If you have been watching OpenAI Codex lately, one thing is becoming pretty clear:
It is no longer trying to stay only a tool for developers who write code.
According to The New Stack's report published on June 2, 2026, OpenAI centered this round of updates around three areas:
SitesAnnotationsnew role-specific
plugins
Taken together, these are not just feature additions. They look more like a product-boundary expansion:
Codex is moving from a coding agent toward a knowledge-work agent, and maybe even toward a broader workplace surface.
Why Sites Deserves Special Attention
The important part of Sites is not just that AI can build pages.
It is that work output, work process, and work interface are starting to become one shareable web surface.
Why Annotations Matters
Annotations lets users target a specific part of a document, spreadsheet, slide, or website so Codex can work inside local context instead of reprocessing everything from scratch.
What Role-Based Plugins Signal
The plugin direction suggests that Codex wants to become an AI system that can work with role-specific context, not just a general-purpose assistant.
Why This Also Matters for We0.ai
This trend matters for We0.ai because websites are increasingly becoming presentation systems, content systems, collaboration surfaces, search entry points, and AI-readable business surfaces at the same time.
FAQs
Why is OpenAI pushing Codex toward knowledge workers?
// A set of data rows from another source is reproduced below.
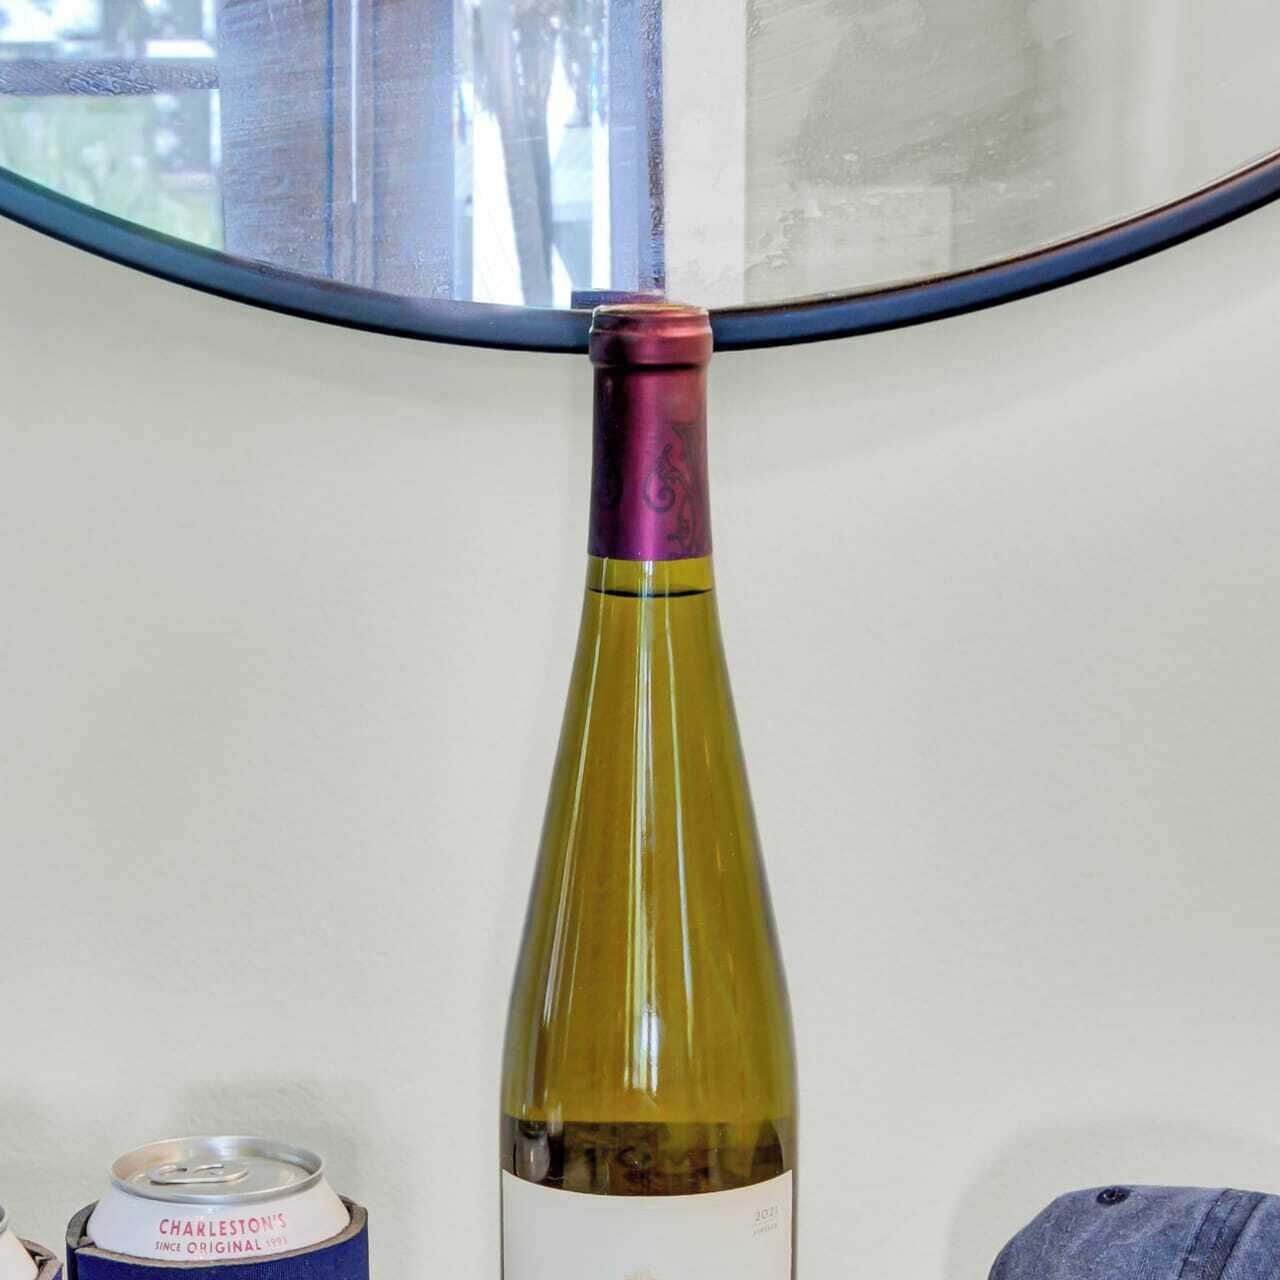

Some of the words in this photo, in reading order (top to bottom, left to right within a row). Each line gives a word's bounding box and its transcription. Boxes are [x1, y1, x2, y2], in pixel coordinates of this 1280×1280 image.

[158, 1213, 288, 1238] CHARLESTON'S
[155, 1240, 181, 1253] SINCE
[186, 1238, 263, 1255] ORIGINAL
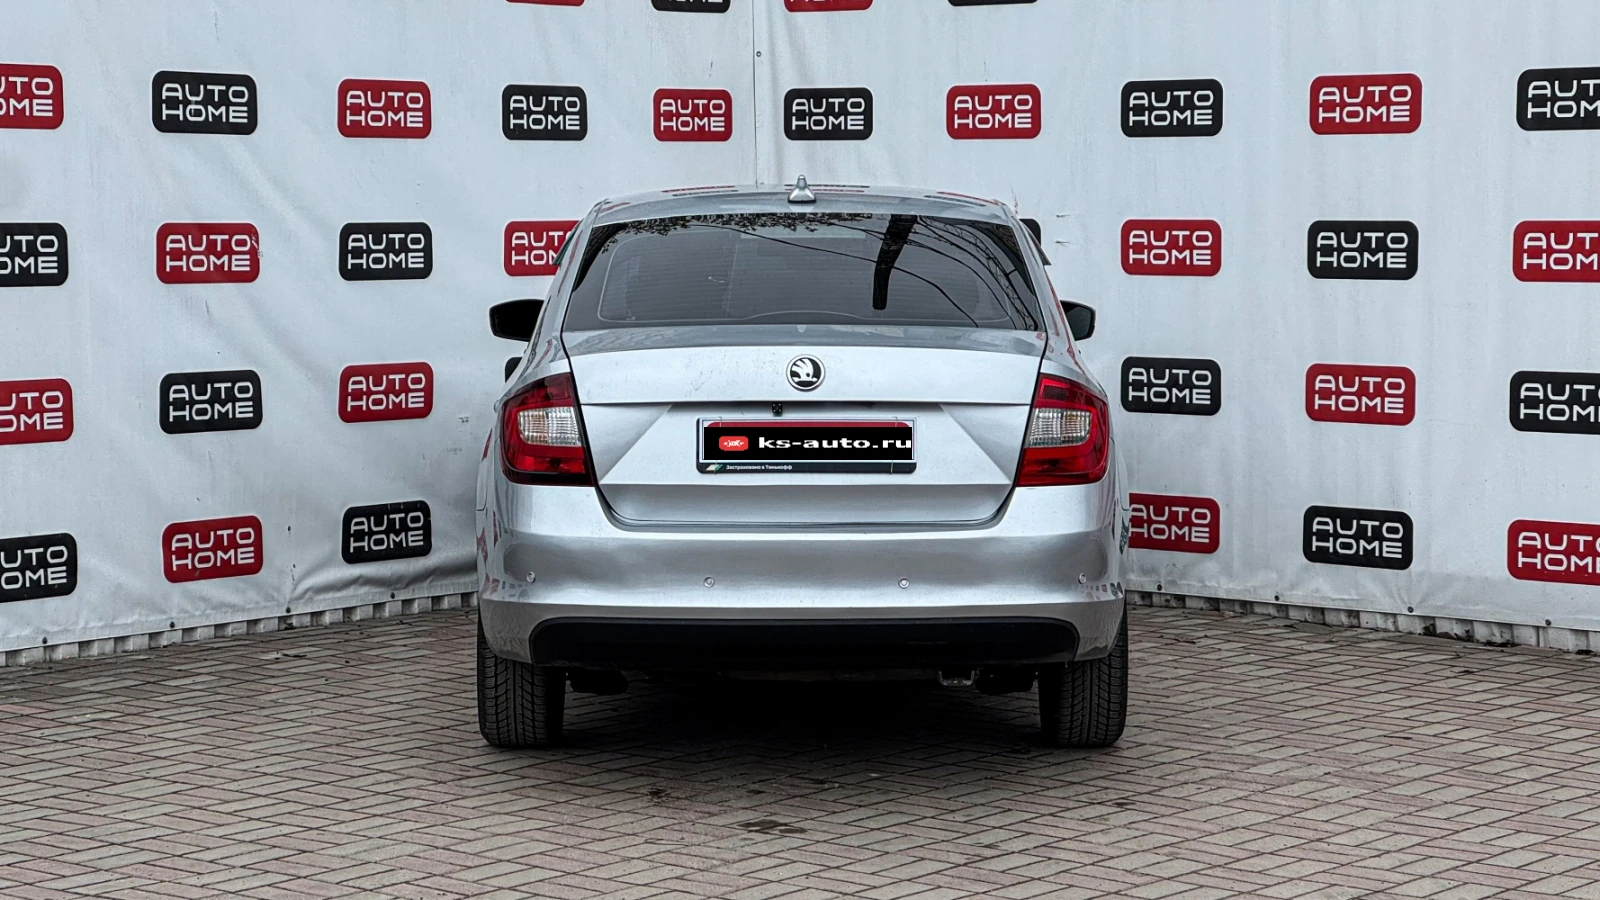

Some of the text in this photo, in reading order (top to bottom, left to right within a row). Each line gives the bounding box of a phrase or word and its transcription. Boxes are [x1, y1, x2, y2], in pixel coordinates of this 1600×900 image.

[0, 76, 53, 95] TO
[162, 83, 248, 103] AUTO
[1319, 85, 1412, 103] AUTO
[1528, 79, 1600, 98] AUT
[0, 98, 53, 116] ME
[346, 91, 423, 108] AUTO
[510, 95, 580, 112] AUTO
[660, 99, 725, 114] AUTO
[792, 98, 865, 113] AUTO
[954, 95, 1032, 111] AUTO
[1129, 90, 1214, 107] AUTO
[162, 103, 248, 123] HOME
[346, 110, 423, 127] HOME
[1129, 109, 1212, 126] HOME
[1319, 105, 1410, 123] HOME
[1527, 100, 1600, 119] HOM
[510, 114, 580, 130] HOME
[660, 117, 725, 131] HOME
[792, 115, 864, 130] HOME
[954, 113, 1032, 129] HOME
[166, 235, 250, 252] AUTO
[348, 233, 425, 250] AUTO
[512, 231, 572, 247] AUT
[1129, 230, 1212, 246] AUTO
[1317, 232, 1408, 248] AUTO
[1524, 233, 1599, 249] AUT
[166, 255, 250, 272] HOME
[348, 252, 424, 269] HOME
[1129, 249, 1211, 265] HOME
[1316, 251, 1407, 268] HOME
[1523, 253, 1598, 270] HOM
[348, 373, 425, 392] AUTO
[1129, 368, 1212, 385] AUTO
[1315, 375, 1405, 394] AUTO
[0, 391, 63, 411] UTO
[169, 382, 253, 402] AUTO
[1129, 386, 1211, 404] HOME
[1520, 383, 1600, 401] AUT
[347, 392, 424, 411] HOME
[1315, 394, 1404, 414] HOME
[169, 401, 253, 422] HOME
[1520, 403, 1600, 422] HOM
[0, 412, 63, 432] OME
[351, 512, 423, 533] AUTO
[1129, 504, 1211, 524] AUTO
[1128, 522, 1209, 542] HOME
[1313, 517, 1403, 538] AUTO
[172, 528, 254, 551] AUTO
[350, 530, 423, 552] HOME
[1312, 536, 1402, 558] HOME
[1518, 532, 1600, 553] AUT
[0, 546, 68, 568] UTO
[172, 547, 254, 571] HOME
[1518, 551, 1600, 573] HOM
[1, 566, 67, 589] OME
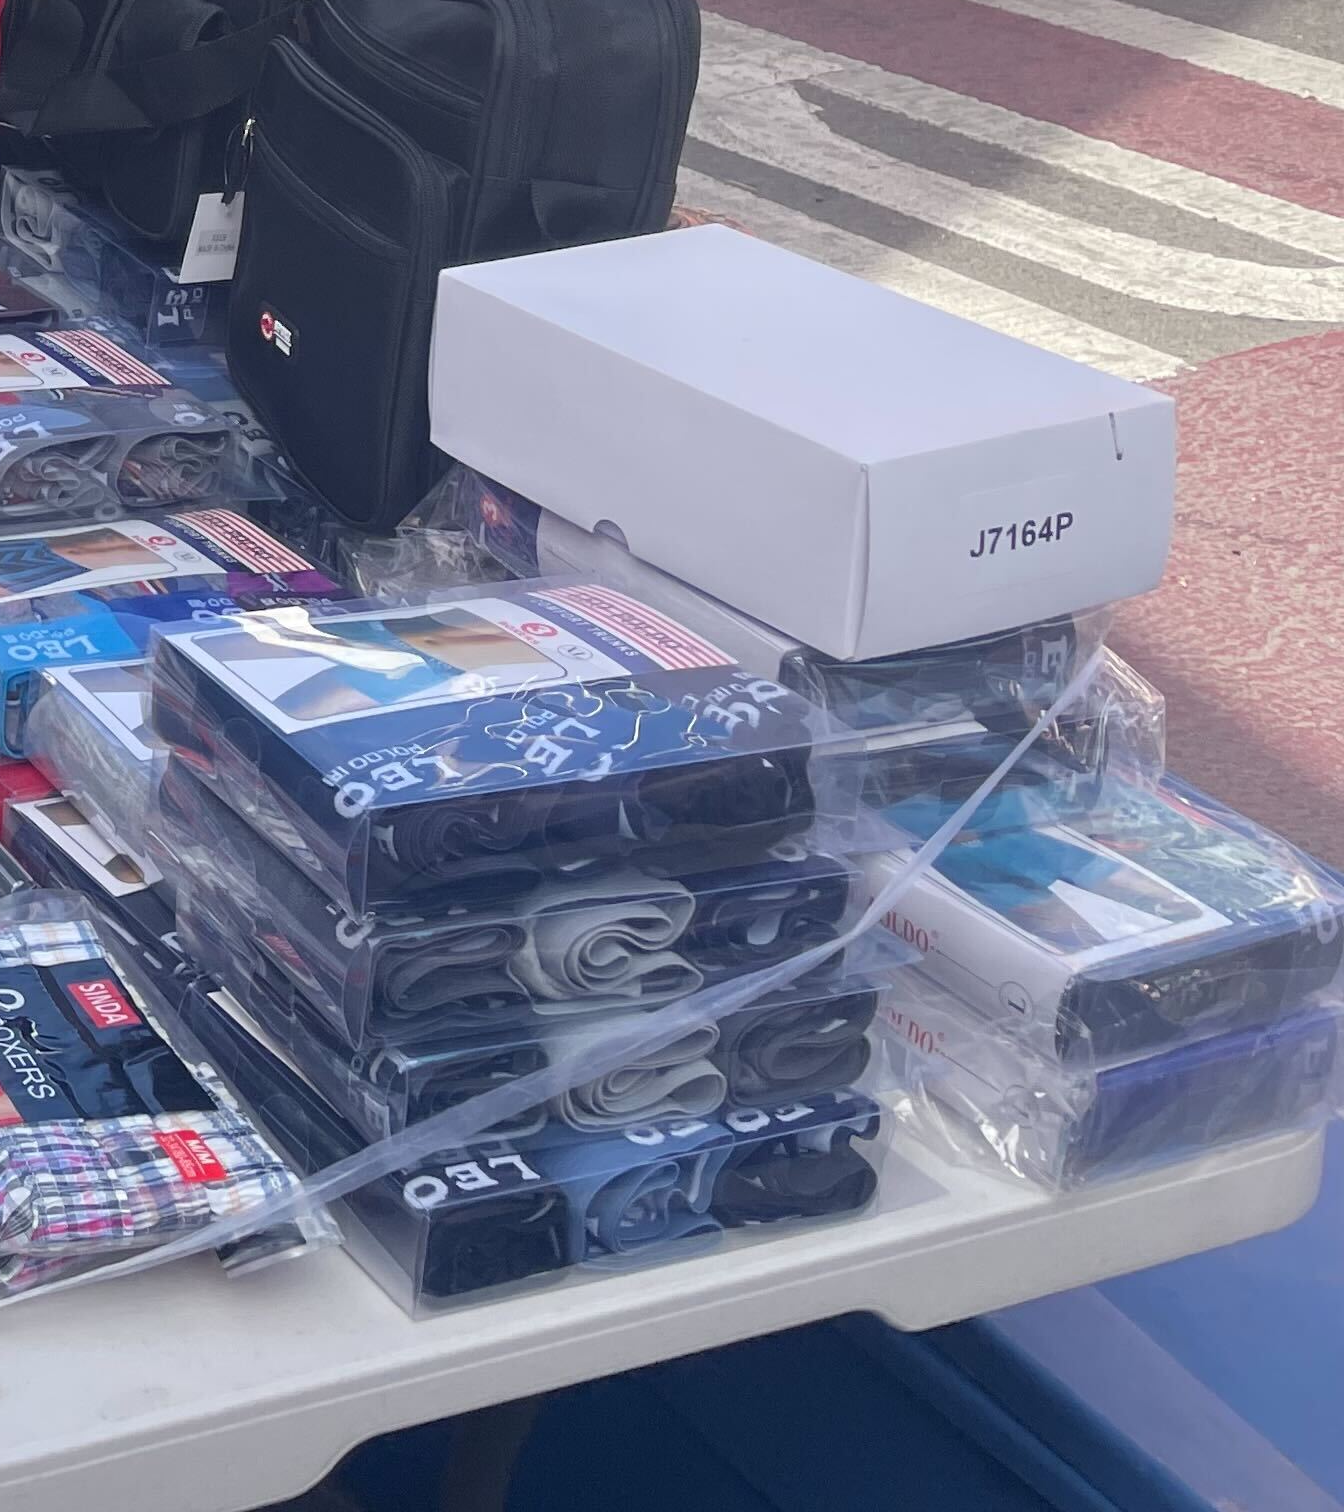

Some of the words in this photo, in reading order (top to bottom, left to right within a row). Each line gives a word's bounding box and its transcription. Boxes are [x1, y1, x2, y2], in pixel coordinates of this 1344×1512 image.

[970, 511, 1074, 559] J7164P
[7, 633, 102, 663] LEO
[585, 622, 641, 660] TRUNKS
[333, 754, 463, 819] LEO
[75, 981, 130, 1025] SINDA
[185, 1135, 215, 1168] M/M
[402, 1154, 541, 1210] LEO
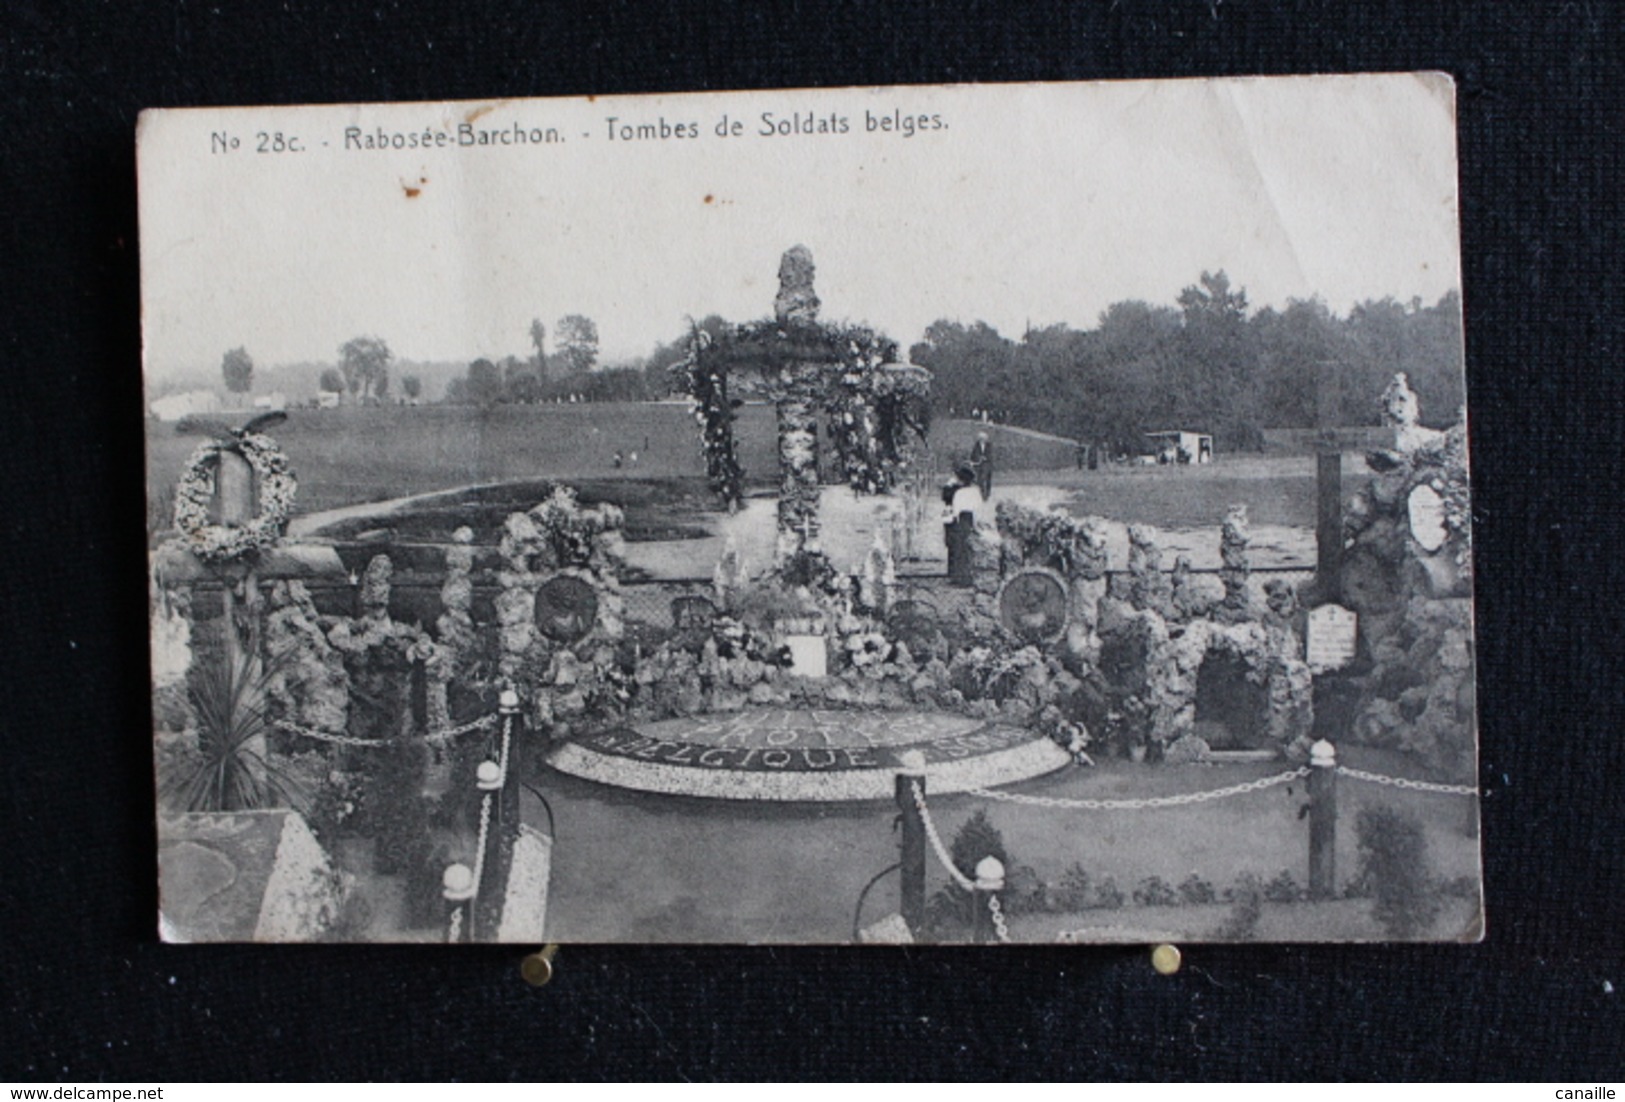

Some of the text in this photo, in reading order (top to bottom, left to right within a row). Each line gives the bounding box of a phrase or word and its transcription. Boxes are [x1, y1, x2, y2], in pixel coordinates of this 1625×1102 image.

Because Codex is already being used by more than developers, and OpenAI is expanding it into docs, sites, analysis, and role-based workflows.
Is Codex Sites just an AI website builder?
Not really. Sites looks more like a way to package work into a shareable, collaborative, and editable web surface.
Why are the new plugins important?
Because they are organized around job functions and workflow types, which suggests Codex is moving toward a more realistic business workbench.